What you should do — Set down all of the entries below word for word, with the pictures left out.

Referring expression grounding data
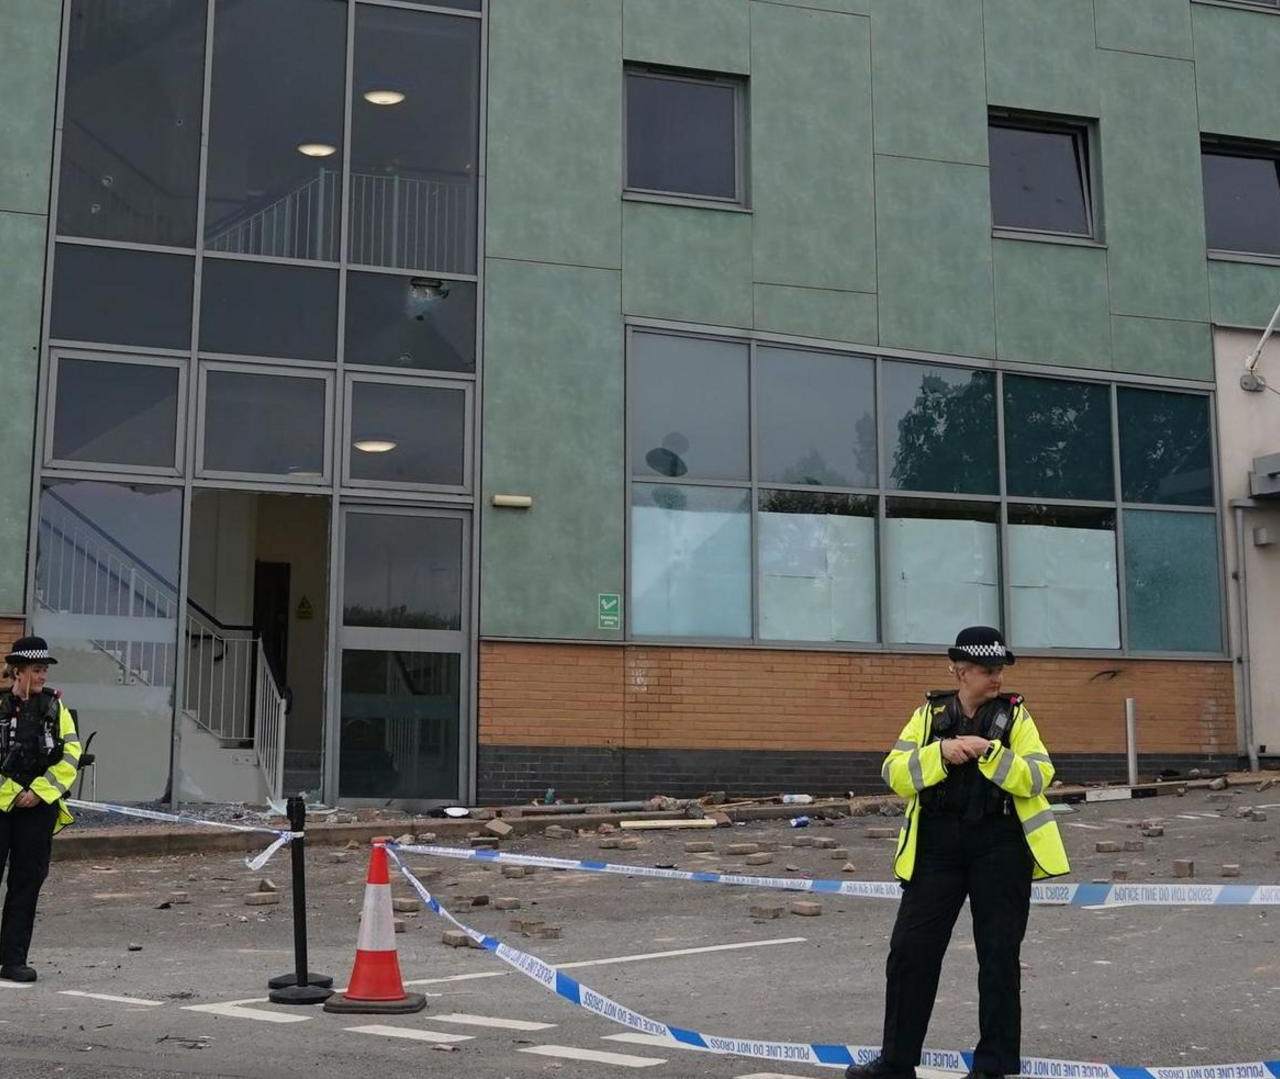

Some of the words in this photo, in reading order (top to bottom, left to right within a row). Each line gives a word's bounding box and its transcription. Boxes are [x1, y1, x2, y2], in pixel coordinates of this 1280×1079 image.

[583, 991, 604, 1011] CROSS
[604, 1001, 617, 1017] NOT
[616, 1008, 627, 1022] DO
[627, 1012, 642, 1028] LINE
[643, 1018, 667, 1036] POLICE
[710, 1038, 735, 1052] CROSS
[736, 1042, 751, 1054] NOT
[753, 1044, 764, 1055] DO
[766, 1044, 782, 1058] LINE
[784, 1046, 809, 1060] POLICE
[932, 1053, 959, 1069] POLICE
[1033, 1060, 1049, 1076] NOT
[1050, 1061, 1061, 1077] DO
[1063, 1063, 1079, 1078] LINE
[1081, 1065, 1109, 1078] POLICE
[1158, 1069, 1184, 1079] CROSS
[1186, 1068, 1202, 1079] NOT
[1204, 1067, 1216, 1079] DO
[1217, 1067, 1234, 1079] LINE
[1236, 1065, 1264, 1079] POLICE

Reply —
Some of the words in this photo, in reading order (top to bottom, left to right within a row). Each line gives a word's bounding box and its transcription. Boxes are [x1, y1, x2, y2], in pixel coordinates of this 1280×1079 image.

[583, 991, 604, 1011] CROSS
[604, 1001, 617, 1017] NOT
[616, 1008, 627, 1022] DO
[627, 1012, 642, 1028] LINE
[643, 1018, 667, 1036] POLICE
[710, 1038, 735, 1052] CROSS
[736, 1042, 751, 1054] NOT
[753, 1044, 764, 1055] DO
[766, 1044, 782, 1058] LINE
[784, 1046, 809, 1060] POLICE
[932, 1053, 959, 1069] POLICE
[1033, 1060, 1049, 1076] NOT
[1050, 1061, 1061, 1077] DO
[1063, 1063, 1079, 1078] LINE
[1081, 1065, 1109, 1078] POLICE
[1158, 1069, 1184, 1079] CROSS
[1186, 1068, 1202, 1079] NOT
[1204, 1067, 1216, 1079] DO
[1217, 1067, 1234, 1079] LINE
[1236, 1065, 1264, 1079] POLICE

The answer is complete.